You can solicit employee feedback and create a culture of honesty for authentic communication. A clear and objection recognition and evaluation system can let employees know where they stand. Thinking outside the box and being upfront and honest eliminates stagnant and frustrating recognition systems.

Want accurate feedback? Ask peers for help

One way to keep yourself on your toes as a leader is to implement a peer review system.

Complete a performance review metric on an employee. Then, ask their colleagues to fill out the same metric for their peers. If you see glaring disparities, it may be time to check yourself and make sure you’re truly being objective.

This system has a lot of great benefits when implemented correctly. For one, it encourages employees to stay on their game even when their boss isn’t watching. On the other hand, it also means that the great things they do when their manager isn’t around are recognized.
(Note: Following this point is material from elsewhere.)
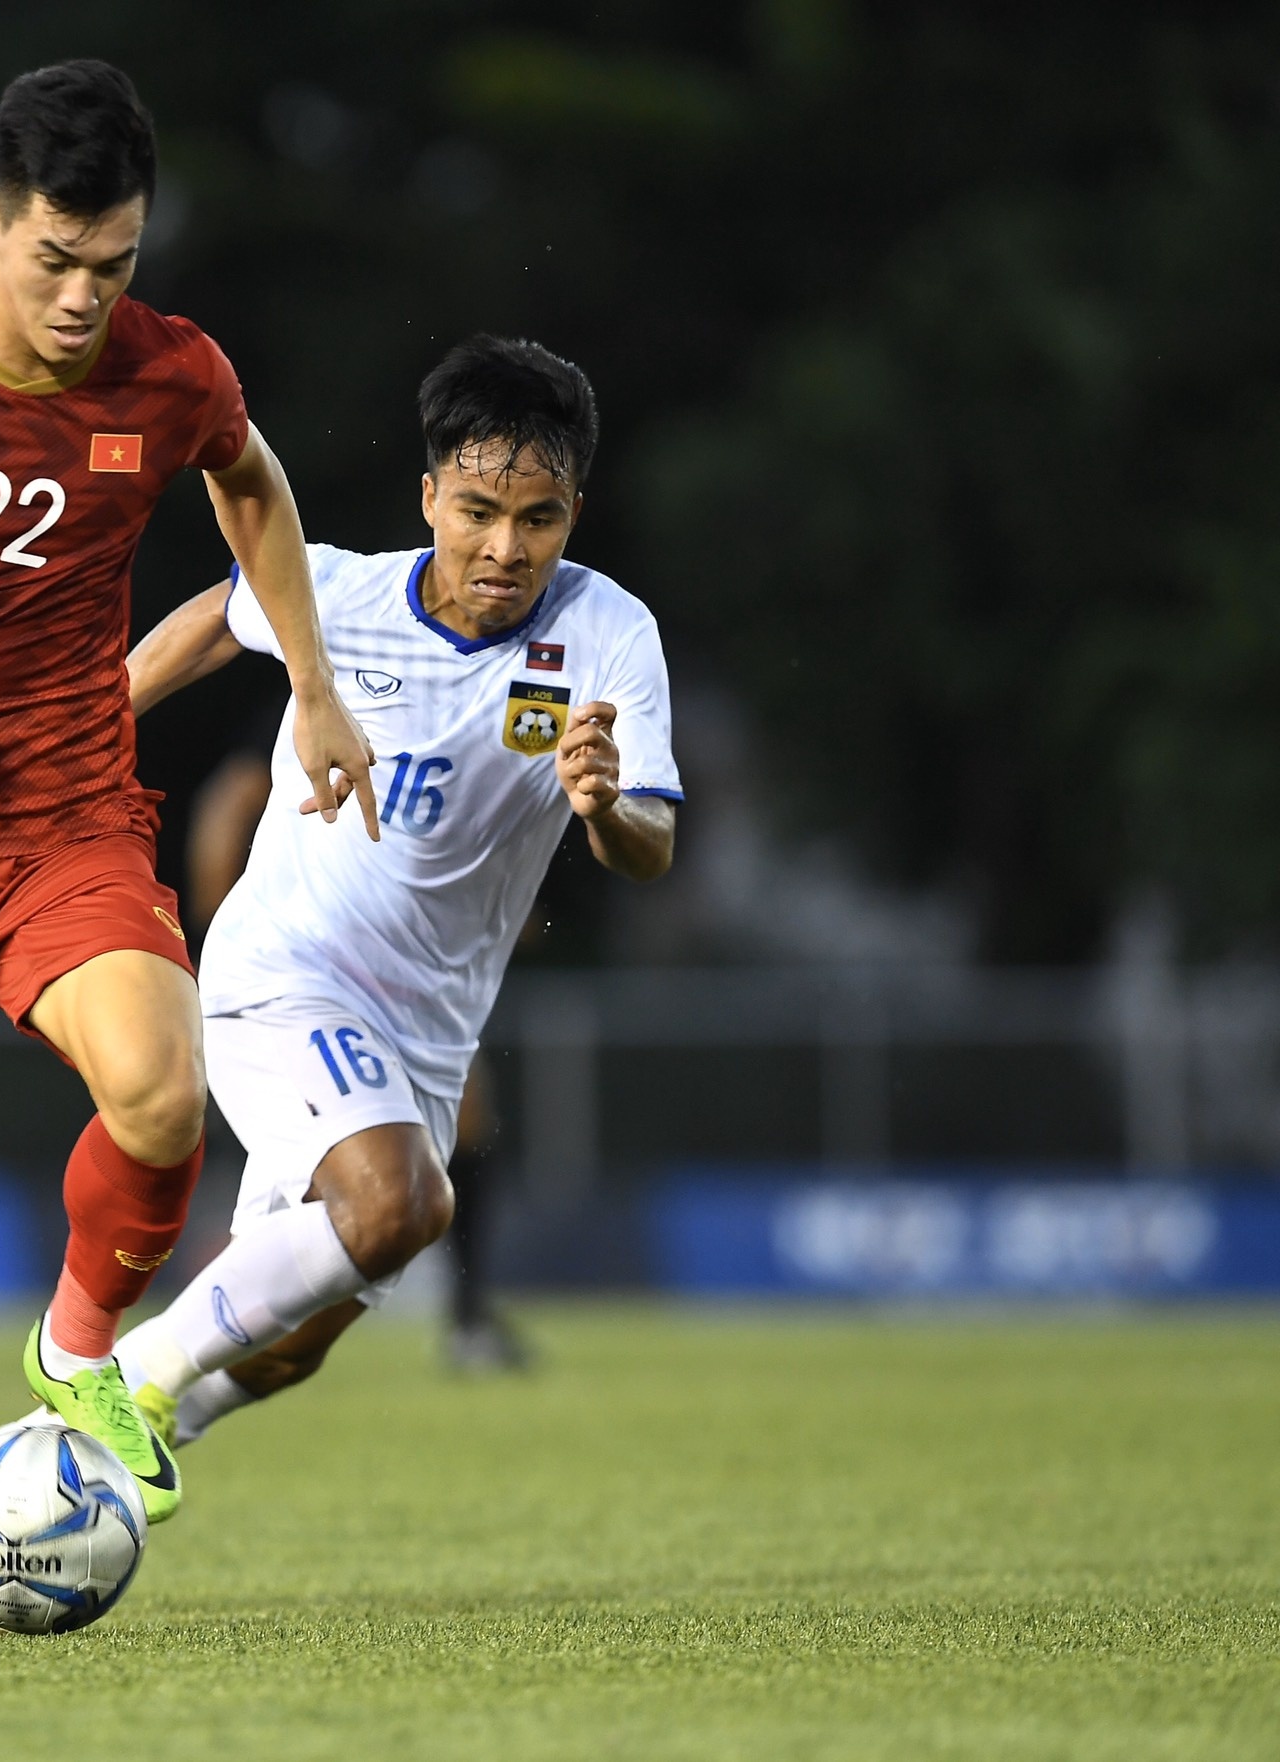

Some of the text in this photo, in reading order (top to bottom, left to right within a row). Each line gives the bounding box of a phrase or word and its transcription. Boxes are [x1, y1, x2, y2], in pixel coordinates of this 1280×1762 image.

[527, 690, 553, 701] LAOS
[380, 751, 454, 836] 16
[309, 1027, 387, 1096] 16
This system also leaves the door open for bias and negative impacts on morale. Take a hard look at your workplace culture to decide if this is the best route for your group of employees. Be sure to conduct peer reviews in a way that allows for objectivity and anonymity.

Peer reviews also mean that all aspects of an employee’s performance can be evaluated. Sometimes, as a manager, you don’t have insight into things like teamwork and cross-department communication skills. Peer reviews allow an inside look into the day to day performance of your employee.

Leaders often haven’t had the chance to work in every role that they manage. By having peers reviewed by those with first-hand knowledge of the job’s responsibilities, you receive some accurate feedback concerning performance. This gives you, the leader, the chance to address any opportunities to improve or to call out any ways employees are going above and beyond.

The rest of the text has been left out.